### EXTRACTED DATA
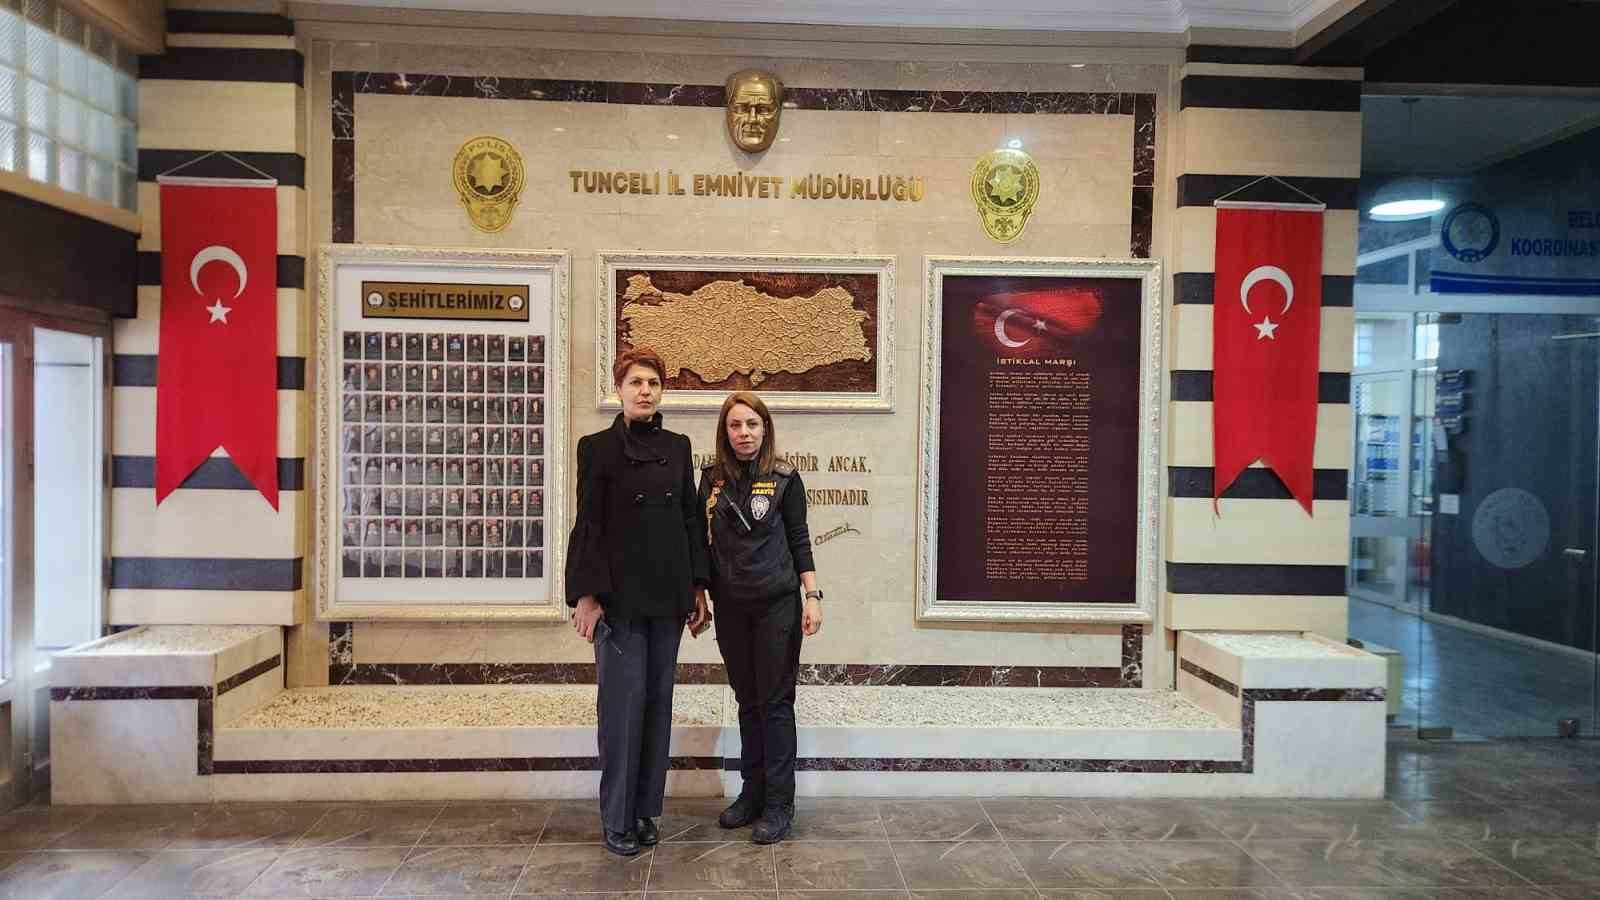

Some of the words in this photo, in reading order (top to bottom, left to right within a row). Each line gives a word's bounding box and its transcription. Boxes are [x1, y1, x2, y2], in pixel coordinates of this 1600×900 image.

[569, 170, 660, 195] TUNCELİ
[667, 169, 686, 195] İL
[693, 171, 784, 199] EMNİYET
[791, 173, 925, 202] MÜDÜRLÜĞÜ
[388, 288, 505, 313] ŞEHİTLERİMİZ
[996, 357, 1041, 366] İSTİKLAL
[1044, 359, 1077, 368] MARŞI
[784, 451, 819, 472] İSİDİR
[806, 488, 869, 508] ŞISINDADIR

### WHAT IS NEEDED
Please retype the records above exactly, leaving every image out.

### SOLUTION TO THE PROBLEM
Some of the words in this photo, in reading order (top to bottom, left to right within a row). Each line gives a word's bounding box and its transcription. Boxes are [x1, y1, x2, y2], in pixel coordinates of this 1600×900 image.

[569, 170, 660, 195] TUNCELİ
[667, 169, 686, 195] İL
[693, 171, 784, 199] EMNİYET
[791, 173, 925, 202] MÜDÜRLÜĞÜ
[388, 288, 505, 313] ŞEHİTLERİMİZ
[996, 357, 1041, 366] İSTİKLAL
[1044, 359, 1077, 368] MARŞI
[784, 451, 819, 472] İSİDİR
[806, 488, 869, 508] ŞISINDADIR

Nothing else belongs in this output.